A corrida contra o tempo
Francisco Guimarães está igualmente entusiasmado com o COUNTED. “Fiquei rendido ao projeto.” Vestido num estilo mais formal, de blazer e camisa clássica, apresenta-se como um profissional que costuma estar ligado às relações institucionais e afastado do quotidiano das experiências científicas. Céptico no início, o responsável pelo gabinete de transferência de tecnologia do INL, que gere um orçamento global de cerca de vinte milhões de euros por ano, garante que têm já resultados sólidos que indicam um caminho de sucesso. “A tecnologia está avançada, o protótipo de recolha está praticamente estável, por isso é apenas uma questão de otimização do tamanho [do orifício do chip], para contagem de partículas”, reforça.
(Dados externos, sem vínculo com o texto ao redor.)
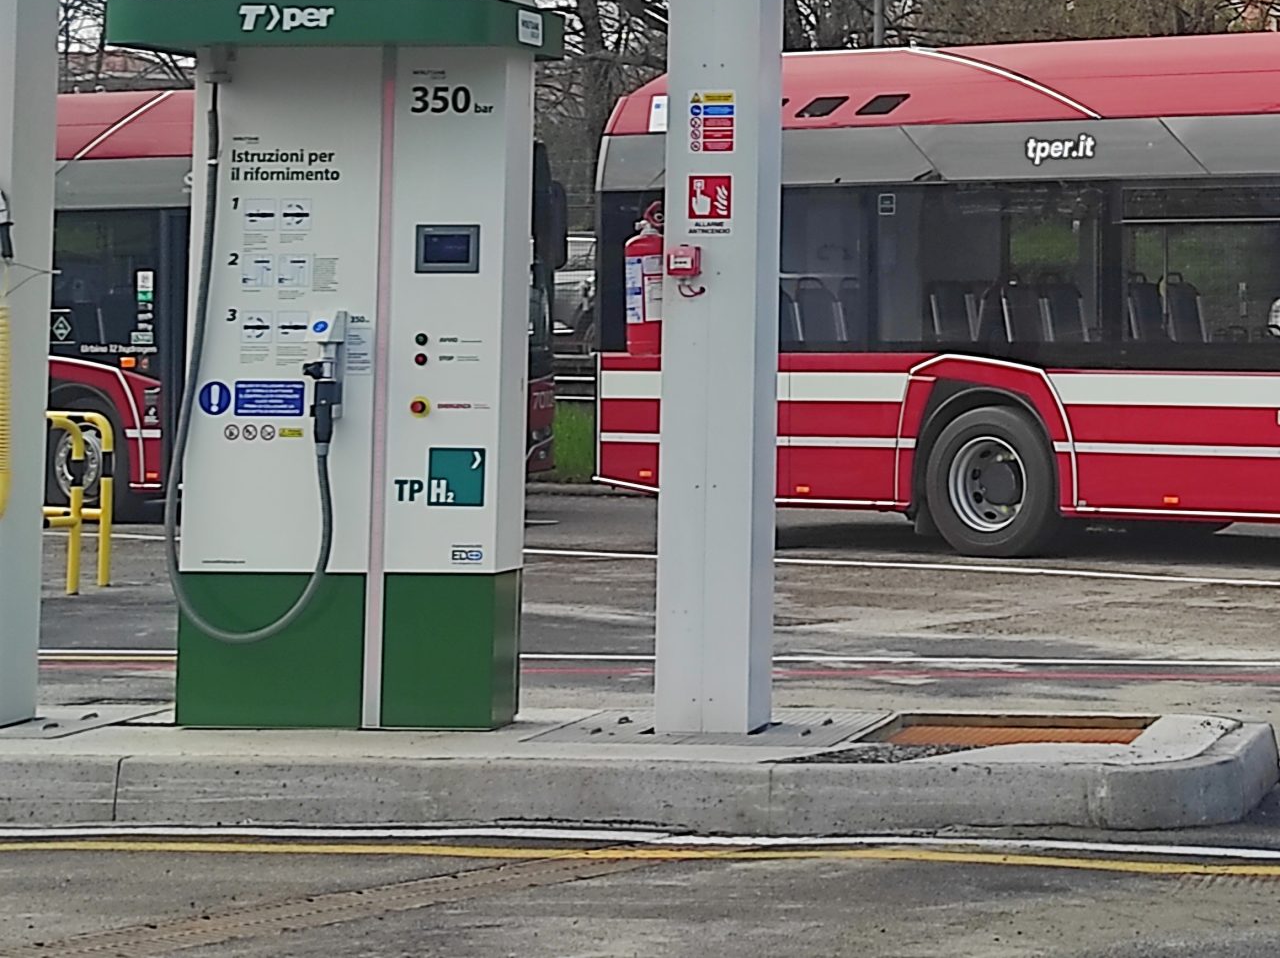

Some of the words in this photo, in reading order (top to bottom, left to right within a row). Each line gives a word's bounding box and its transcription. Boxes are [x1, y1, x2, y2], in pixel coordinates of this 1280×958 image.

[411, 86, 471, 113] 350
[474, 103, 494, 113] bar
[1027, 134, 1095, 165] tper.it
[232, 149, 304, 163] Istruzioni
[308, 152, 335, 166] per
[231, 167, 240, 181] il
[243, 167, 340, 181] rifornimento
[231, 197, 240, 210] 1
[228, 253, 239, 266] 2
[226, 308, 238, 322] 3
[394, 479, 424, 502] TP
Tem 41 anos, formou-se em Administração Pública e está no INL desde 2017, com a árdua tarefa de traduzir a complexidade dos projetos – o que são, para que servem, o respectivo diferencial – para angariar parceiros de negócio, de forma a garantir a aplicação da ciência produzida. No caso do COUNTED, há já diligências promissoras. Mas Francisco prefere, por enquanto, manter sigilo. A parceria perfeita para este projeto, nota, é a junção do fator experiência com a capacidade produtiva.
Temos de encontrar parceiros especializados que conheçam bem o mercado, ao mesmo tempo que possam fazer a produção e a certificação do produto, que permita, assim, a sua comercialização”.
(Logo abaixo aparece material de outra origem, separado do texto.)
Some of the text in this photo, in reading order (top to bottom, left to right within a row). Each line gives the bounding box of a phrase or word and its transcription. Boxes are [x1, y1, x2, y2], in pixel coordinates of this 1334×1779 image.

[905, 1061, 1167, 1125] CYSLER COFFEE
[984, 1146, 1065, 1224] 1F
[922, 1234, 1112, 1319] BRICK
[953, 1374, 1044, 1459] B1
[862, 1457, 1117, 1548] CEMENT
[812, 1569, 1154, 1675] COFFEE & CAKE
Com calo em implementação de projetos de investigação e em relações estratégicas para o negócio, este pai de dois filhos, natural de Famalicão, preocupa-se em contextualizar bem o projeto, que é um entre 160 no INL. Além disso, alerta para a urgência dos resultados. “O grande desafio é o tempo de chegada ao mercado de um protótipo bem sucedido, porque a expectativa é que, mais cedo, ou mais tarde, com a chegada da vacina, a necessidade de testagem pode vir a diminuir.” Francisco Guimarães receia que, assim, se possa perder a oportunidade e o fator diferencial que, por enquanto, o COUNTED ainda garante.
Petrovykh está mais confiante em relação à contínua necessidade de testagem, mesmo depois de uma vacina. “Os epidemiologistas reforçam a necessidade de testagem.” Por isso esta investigação aplicada continua a ser uma peça chave neste contexto. Aeroportos e grandes eventos são alguns dos exemplos que o físico convoca para demonstrar como o COUNTED será essencial e com muito impacto social associado. “É a forma que temos de não ter de utilizar máscaras. É a forma de termos espaços públicos com muitas pessoas. É a forma de a pandemia poder ser controlada.”
Este artigo faz parte de uma série sobre o trabalho levado a cabo pelo Parlamento Europeu e é uma parceria entre o Observador e esta instituição.